Problem description
Drop the pictures and extract exactly the lines from the one that contains "this 2048×1536 image." through the end of the material.

Records to use
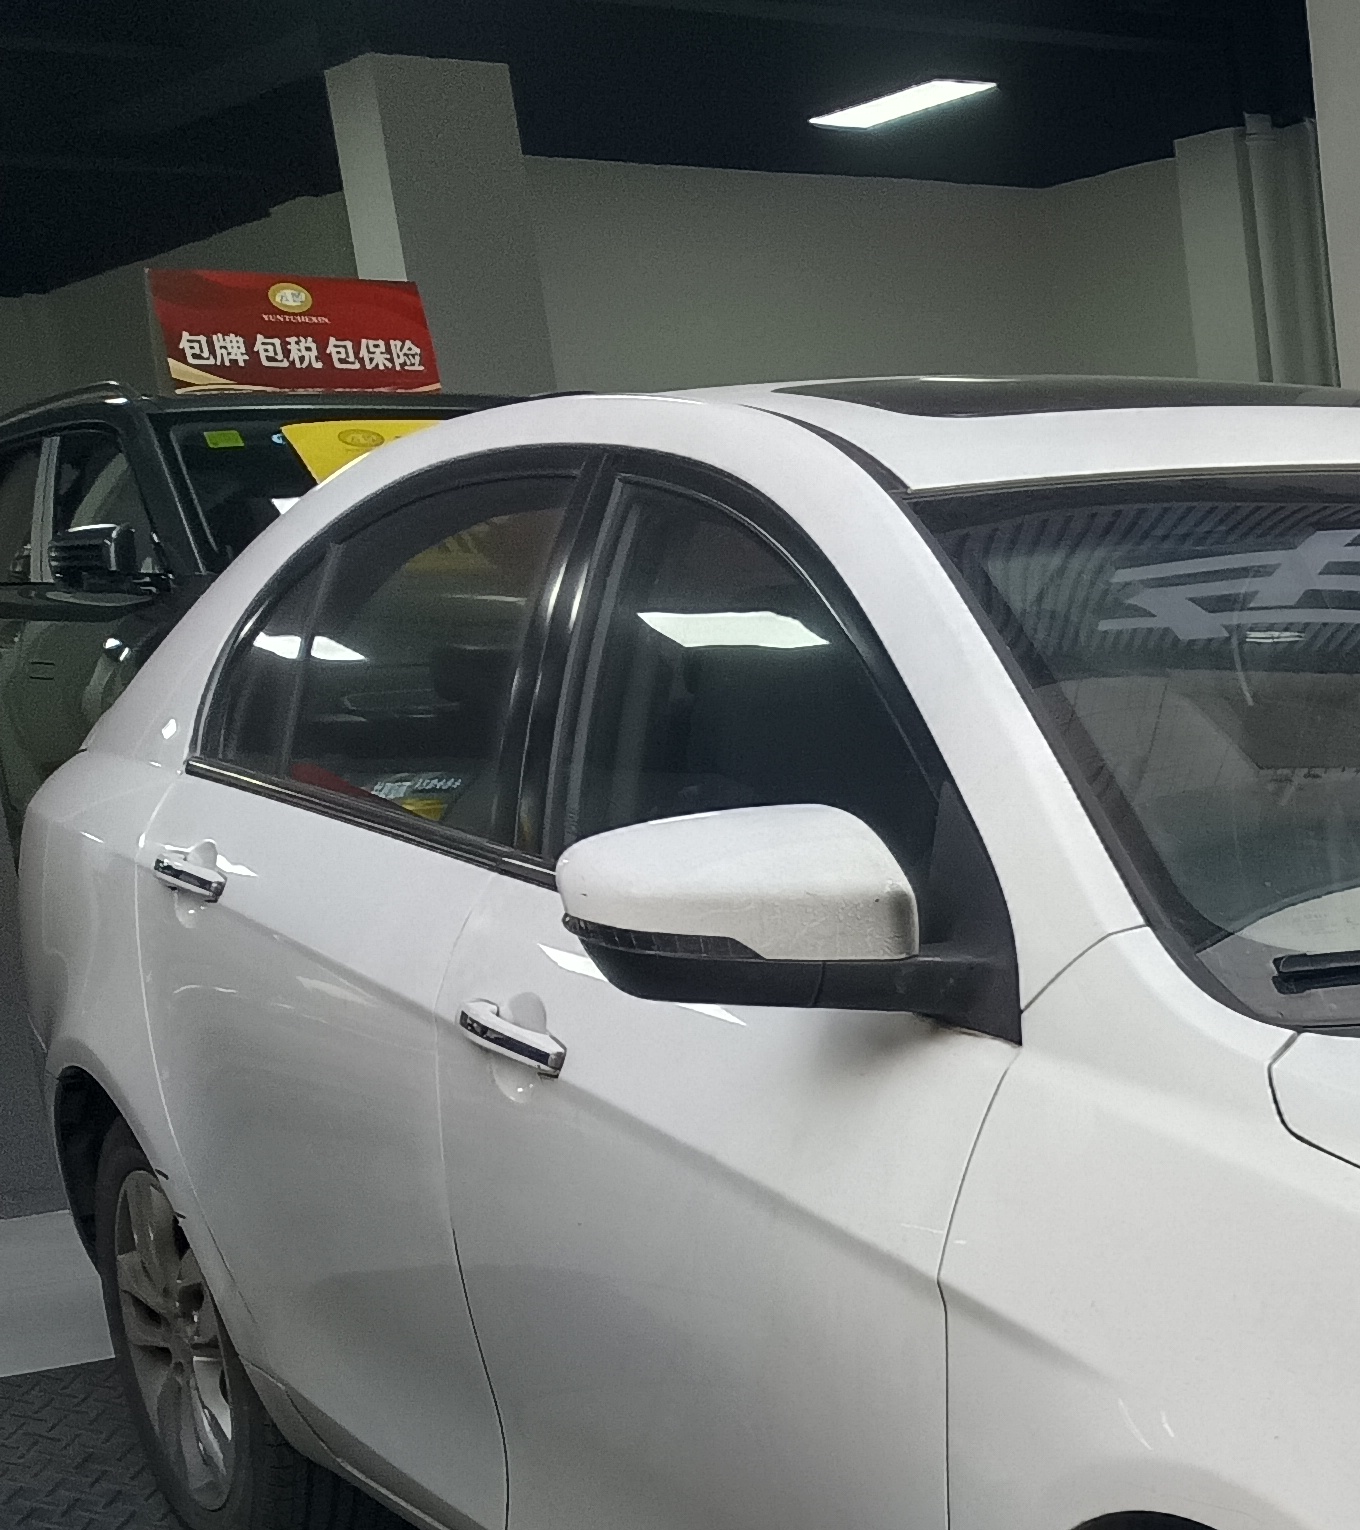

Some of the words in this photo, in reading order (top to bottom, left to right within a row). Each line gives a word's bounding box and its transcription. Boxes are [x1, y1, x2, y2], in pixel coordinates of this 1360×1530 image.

[179, 330, 249, 367] 包牌
[253, 333, 322, 370] 包税
[326, 336, 425, 371] 包保险
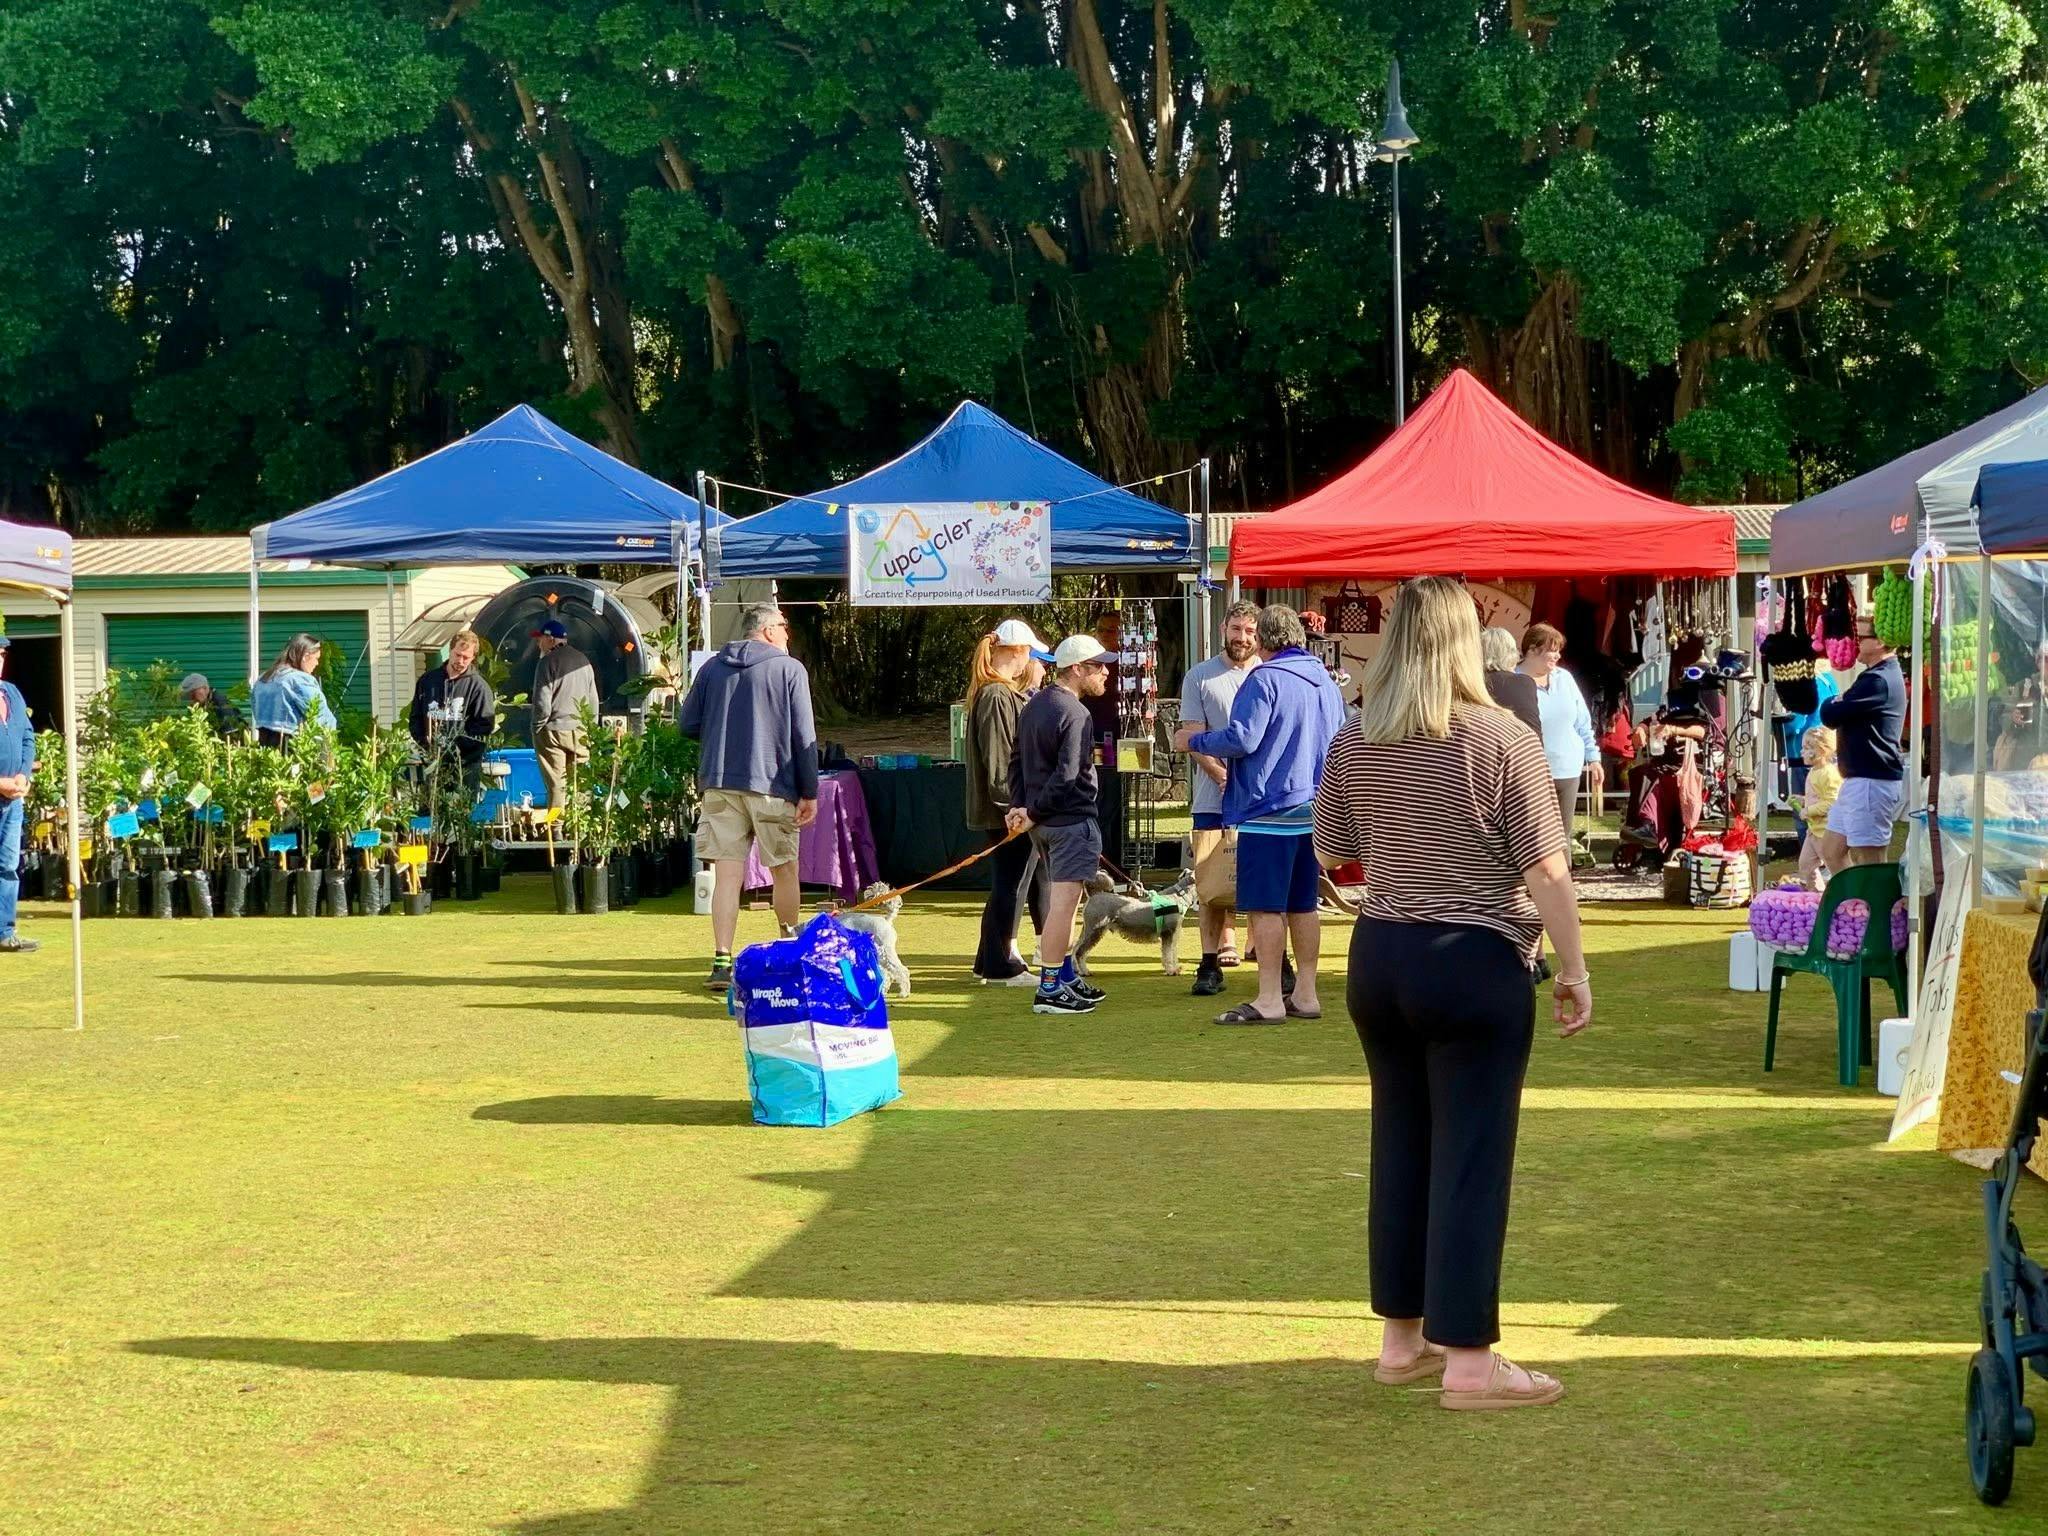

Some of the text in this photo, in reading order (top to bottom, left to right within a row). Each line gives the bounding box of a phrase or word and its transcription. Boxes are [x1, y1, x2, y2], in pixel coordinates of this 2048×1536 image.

[884, 518, 973, 577] upcycler
[864, 587, 1035, 600] Creative Repurposing of Used Plastic
[771, 998, 799, 1008] Move
[829, 1039, 867, 1052] MOVING
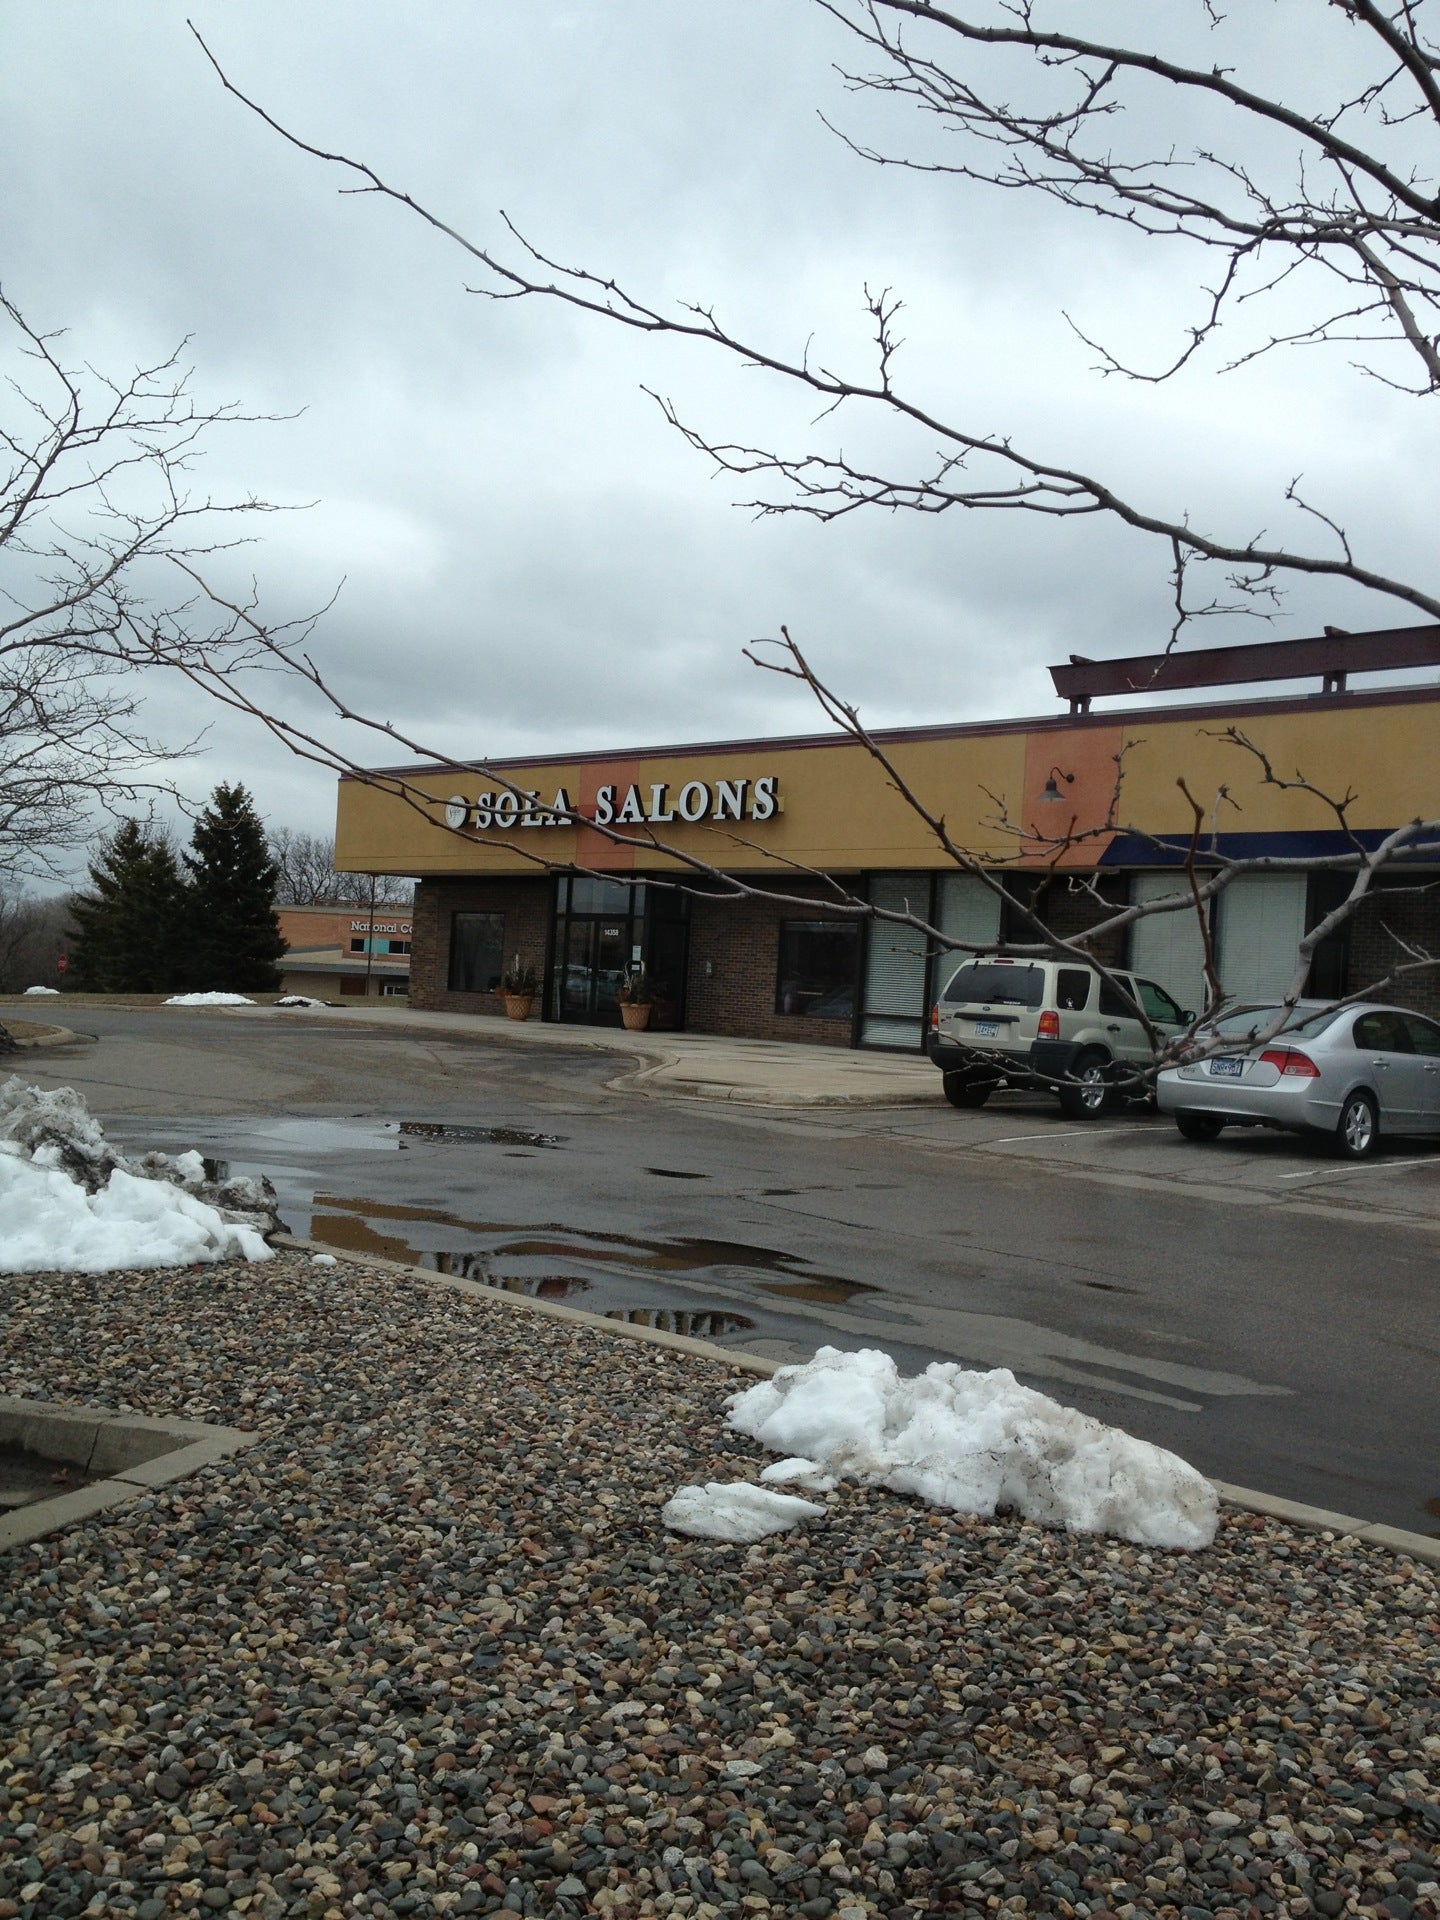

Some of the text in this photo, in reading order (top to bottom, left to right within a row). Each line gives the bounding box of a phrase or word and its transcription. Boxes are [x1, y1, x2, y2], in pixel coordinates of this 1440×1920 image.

[475, 776, 779, 830] SOLA SALONS
[351, 920, 397, 933] Natonal

Output below
Some of the text in this photo, in reading order (top to bottom, left to right within a row). Each line gives the bounding box of a phrase or word and its transcription. Boxes are [x1, y1, x2, y2], in pixel coordinates of this 2048×1536 image.

[884, 518, 973, 577] upcycler
[864, 587, 1035, 600] Creative Repurposing of Used Plastic
[771, 998, 799, 1008] Move
[829, 1039, 867, 1052] MOVING

Some of the text in this photo, in reading order (top to bottom, left to right within a row). Each line gives the bounding box of a phrase or word and its transcription. Boxes are [x1, y1, x2, y2], in pixel coordinates of this 1440×1920 image.

[475, 776, 779, 830] SOLA SALONS
[351, 920, 397, 933] Natonal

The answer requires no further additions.